Procedures

Excision of Epididymal Cyst

The epididymis is a tube that sits behind either testicle and transports sperm from the testicle to the vas deferens. Epididymal cysts are a benign fluid filled sac that can arise in the epididymis and occasionally enlarge to a size that causes discomfort. Excision of epididymal cyst is the name of the procedure to remove these cysts.

Pre operation

Ten days prior to the procedure you should notify Mr Thyer’s rooms if you are taking any blood thinning medication

The procedure

On arrival at hospital you will be prepared for theatre by nursing staff. Mr Thyer will see you just prior to being taken into the operating theatre. You will have a short general anaesthetic. The procedure should take approximately 30 minutes.

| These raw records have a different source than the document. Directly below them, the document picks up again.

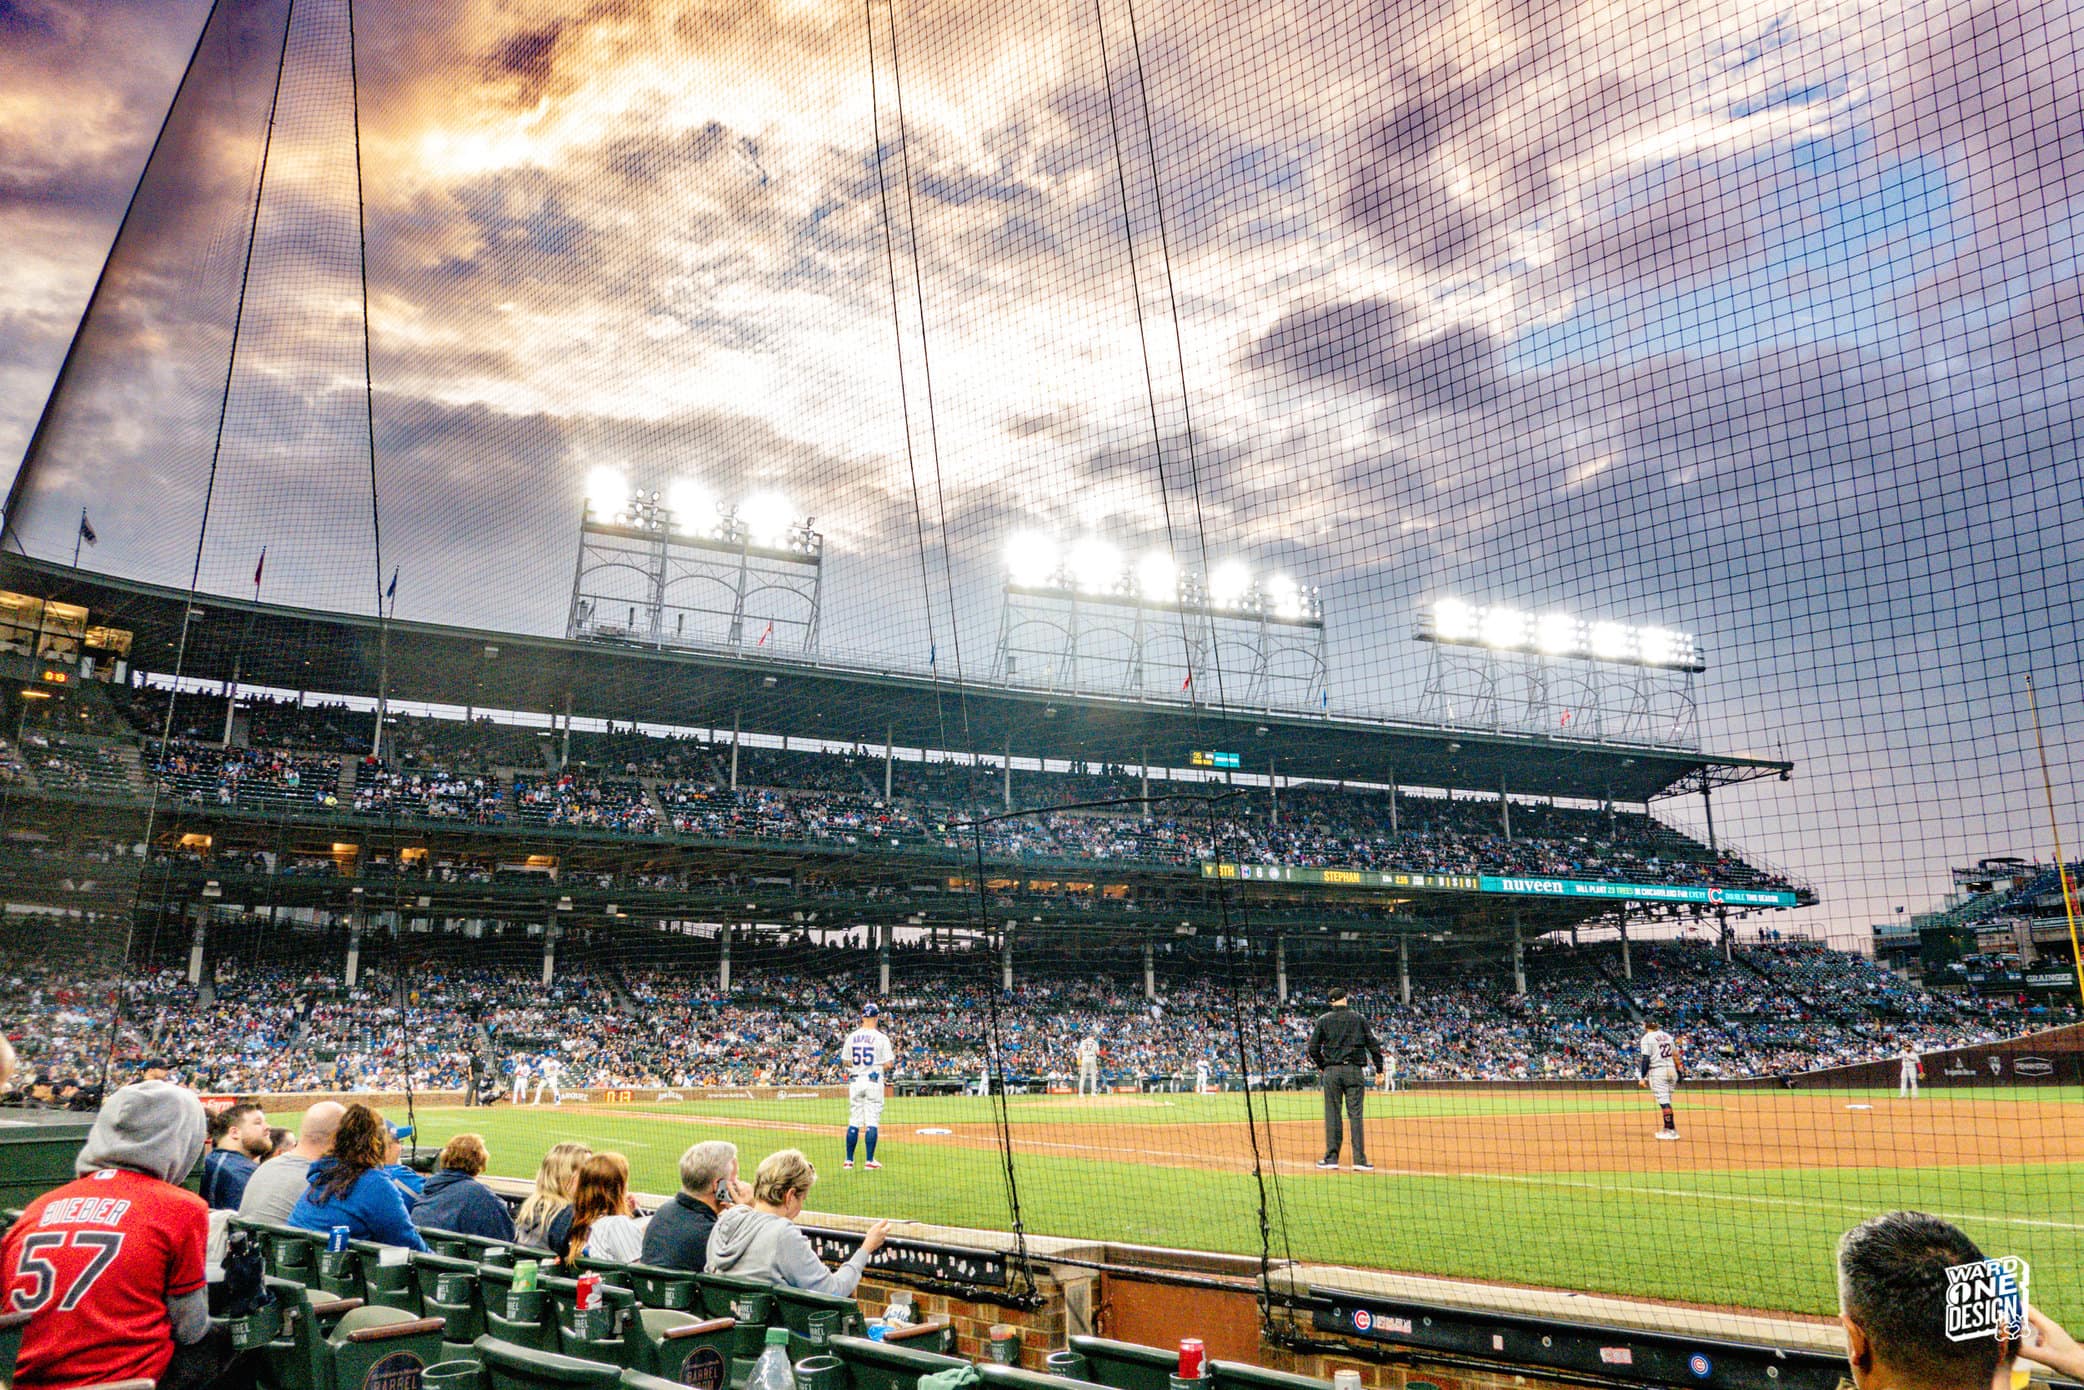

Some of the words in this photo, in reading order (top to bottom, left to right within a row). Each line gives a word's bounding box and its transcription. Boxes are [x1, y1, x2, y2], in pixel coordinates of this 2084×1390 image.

[1323, 870, 1360, 883] STEPHAN
[1501, 879, 1563, 893] nuveen
[852, 1046, 875, 1066] 55
[1659, 1043, 1672, 1058] 22
[38, 1197, 131, 1227] BIEBER
[11, 1230, 126, 1313] 57

Mr Thyer will make a small incision in the scrotum, the testis and epididymis will be delivered, the cyst removed and sent to the pathologist for microscopic analysis (you make incur a pathologist fee). The wound in the scrotum will be closed with dissolving sutures and a drain may be left in the scrotum. After the operation you will be checked by the nurse and discharged home after a few hours. If a drain is left, then you will be required to stay overnight before it is removed.

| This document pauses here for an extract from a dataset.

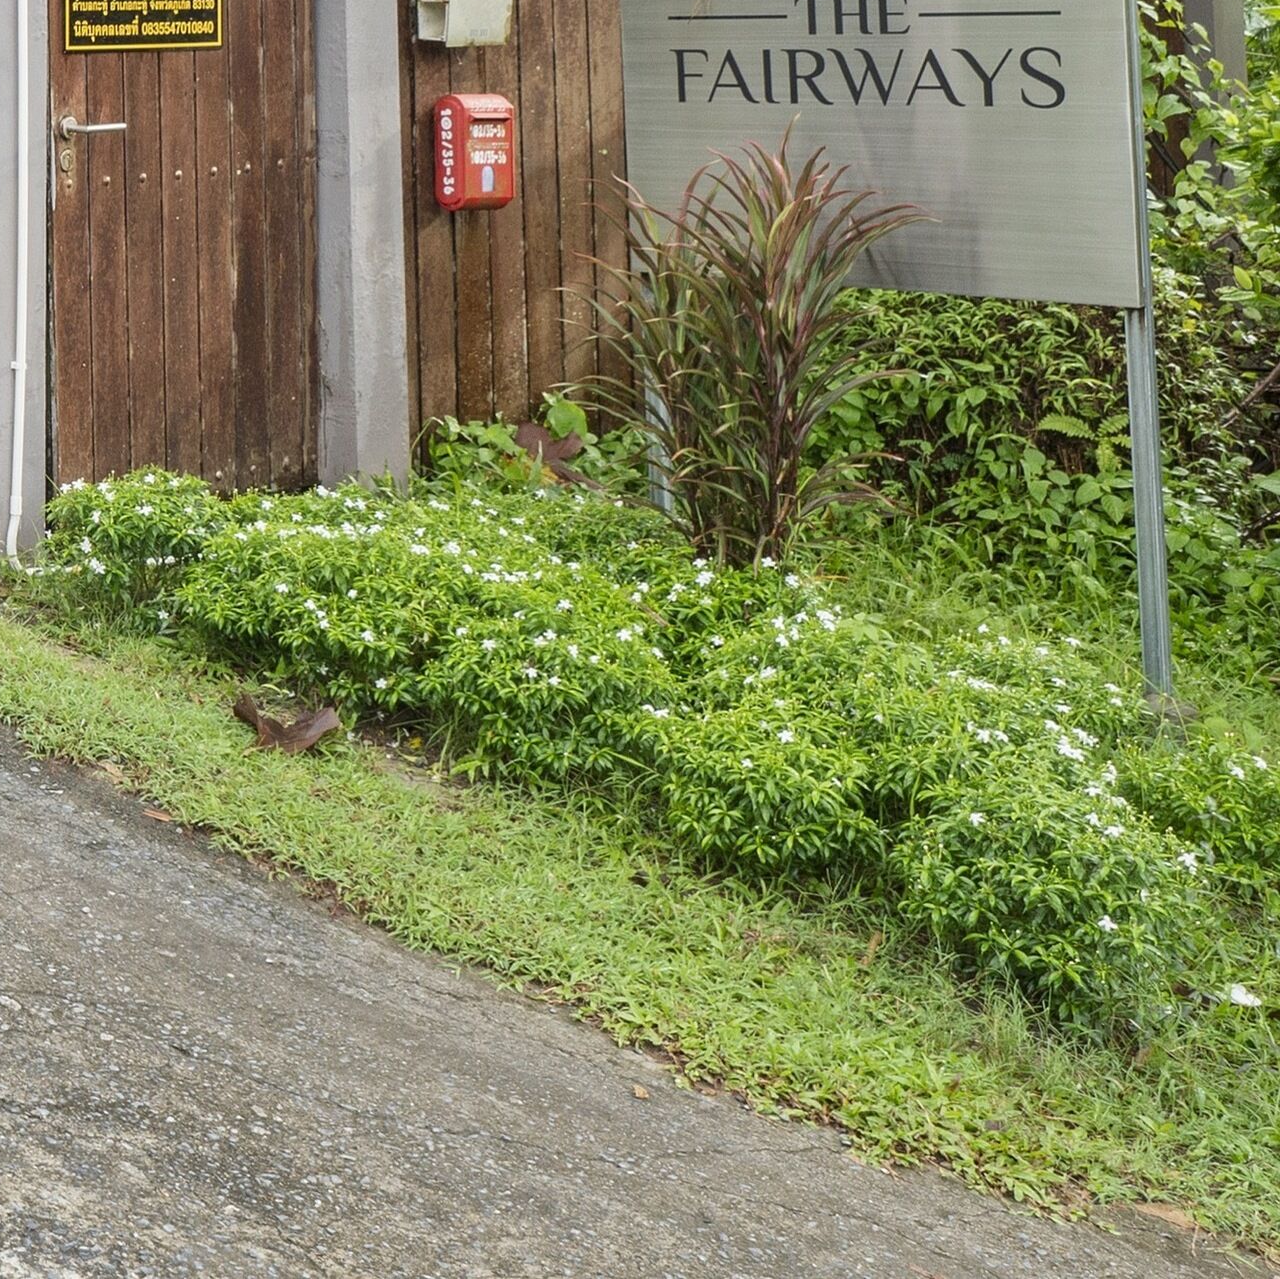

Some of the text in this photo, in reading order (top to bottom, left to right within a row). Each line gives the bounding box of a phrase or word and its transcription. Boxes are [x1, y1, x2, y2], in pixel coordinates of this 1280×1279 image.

Note: If the cyst is very large or there are many cysts then removal of the whole epididymis may be required.

Risks
  • Bleeding. Bleeding from the operation site is very rare. Very rarely a readmission to hospital may be required to control bleeding.
  • Infection. Wound infection is rare but may require a course of oral antibiotics to correct.
  • Injury to blood vessels to the testis. A recognised but very rare complication of excision of epididymal cyst. This can result in reduced blood supply to the testis.
  • Recurrence of the cyst happens occasionally and may require re-excision in future if bothersome.
  • Chronic testicular pain. 2% of men develop a chronic scrotum pain syndrome after scrotal surgery.
  • Epididymectomy. If the cyst is very large or there are too many cysts, then the whole epididymis would need to be removed. This would result in infertility from that testicle.
  • Infertility. When the cyst is removed from the epididymis the lumen of the epididymis may be disrupted resulting in infertility from that testicle. Men who want to maintain fertility who have epididymal cysts should consider waiting to have the cyst removed until their family is definitely complete.
  • There are risks with any general anaesthetic which are very rare including blood clots, heart or lung problems and adverse drug reactions. The anaesthetist will discuss these with you at the time of the procedure.
Follow up

Mr Thyer’s rooms will contact you to arrange a follow up appointment 6 weeks after the procedure to check your recovery and pathology. You should rest, avoid heavy lifting, exertion and sexual intercourse for 1 week following the procedure.

When to contact Mr Thyer

Following the procedure, you should contact Mr Thyer if you:

  • Have a fever over 38 Degrees
  • Develop significant and worsening scrotal swelling
  • Have not received a follow up appointment
  • You can contact Mr Thyer via his rooms during working hours or after hours via the after hours nurse at Hollywood Hospital on (08) 9346 6000.